The two piles sit side by side on my dining room table, spoils from two almost back-to-back evenings of a college fair for my mildly autistic son, Zach, and a transitional fair for my profoundly affected one, Justin.
Both piles have colorful brochures, are as yet haphazardly thrown together (these things are exhausting), and are voluminous.
One pile, the one from the transition fair, has chocolate. It is my favorite.
The first evening involved resuscitating my alphabetical order skills as I searched for undergraduate schools (my skills are lacking), and an hour long lecture regarding college financial aid which was brilliant, but overwhelming. I know I’m in over my head.
Grateful I had those kids long after everyone else did. Cue smart friends.

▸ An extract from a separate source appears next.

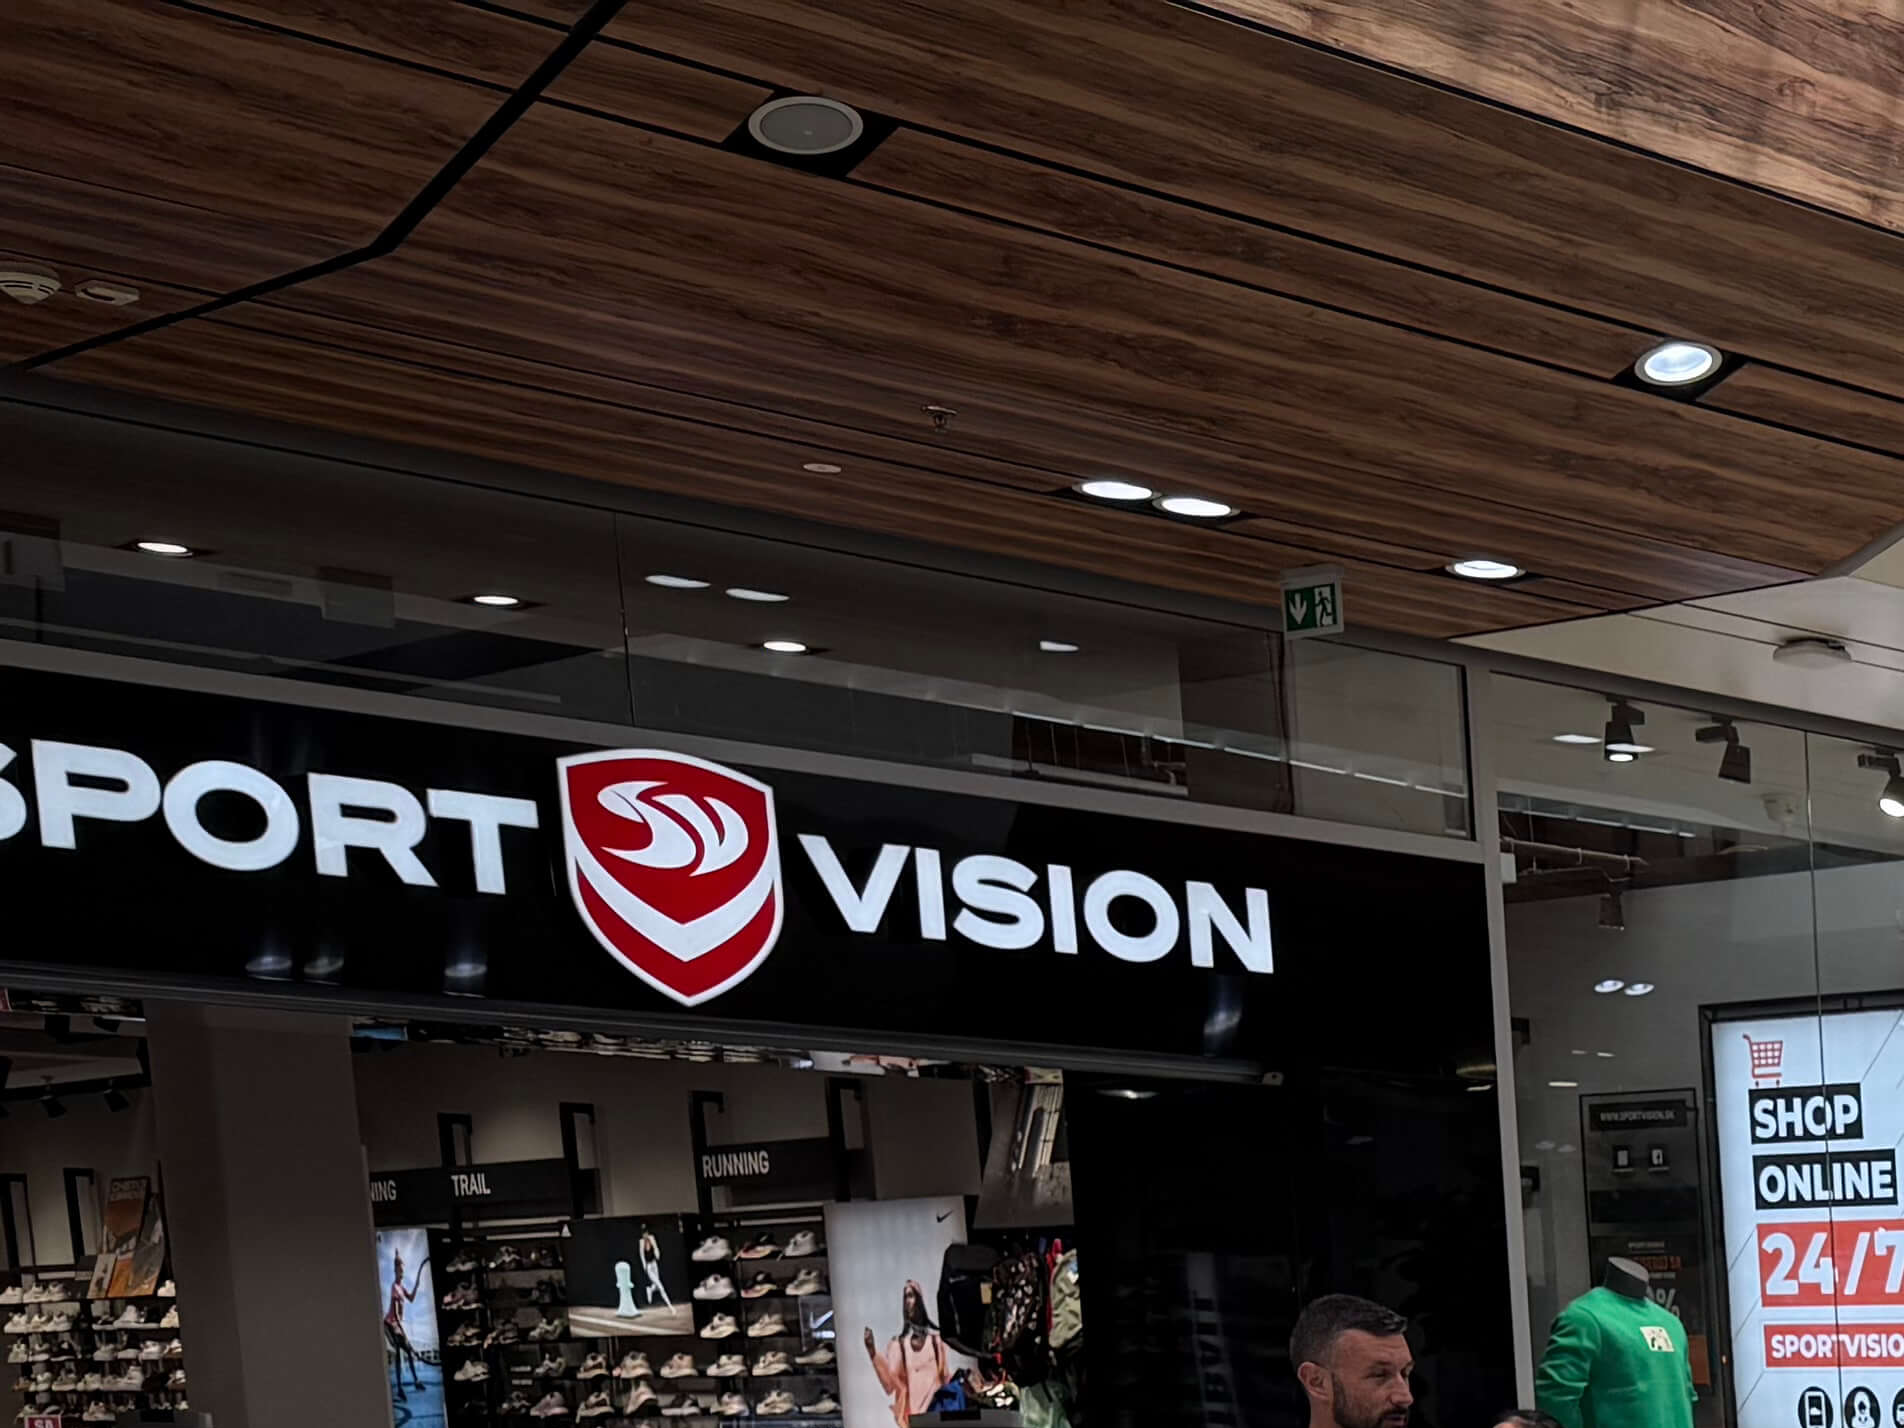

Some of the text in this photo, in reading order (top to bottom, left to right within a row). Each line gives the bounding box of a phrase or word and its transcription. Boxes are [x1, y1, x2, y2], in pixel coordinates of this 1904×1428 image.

The second evening involved dozens of tables and a hot room, with bare bones descriptions on a piece of paper listing every entity with titles I wasn’t sure I understood until I actually talked to people, some of whom I’d tried to speak to unsuccessfully on the phone prior to that evening. So victory was had.
It doesn’t take much these days.
It turns out having your kids four years apart when one has severe special needs and is graduating at twenty-one is not the greatest idea. Literally everything of any importance to my two boys (shy of where Justin will live and who Zach might marry, two biggies) will transpire in the next two years.
The pile on my desk is pitiful.
Here, however, is the fun part, the secret I will share with all of you.
I was just as jazzed up at Justin’s transition fair as I was at Zach’s college fair.
I will admit, I viewed both as social opportunities, and I enjoy a good social opportunity whenever possible. Give me a venue where I can brag about my kid(s) get free chocolate, and perhaps make a connection, and I’m in. For Zach, I got to meet a woman who would love to meet him at her campus when we take our tour next week. And for Justin, I got acronyms and blurbs explained (woohoo!), and options for day hab and vocational training, and in-home support.
I also got ideas for pure fun that his future DDD budget just might pay for some day. Bonus knowledge.
There is a part of me that will never stop mourning all that Justin might have had, the life I am confident that his little brother will lead, with all its many options (I am an option girl).
I am profoundly okay with that.
But as the pieces come slowly together for both my boys, things crossed off lists, information acquired, I am actually excited for both their futures. I can live with the yin and yang of excitement, and sadness.
Both are valid.
And as I treat myself to a Hershey’s kiss before I dive into disentangling all my spoils, I’m okay too.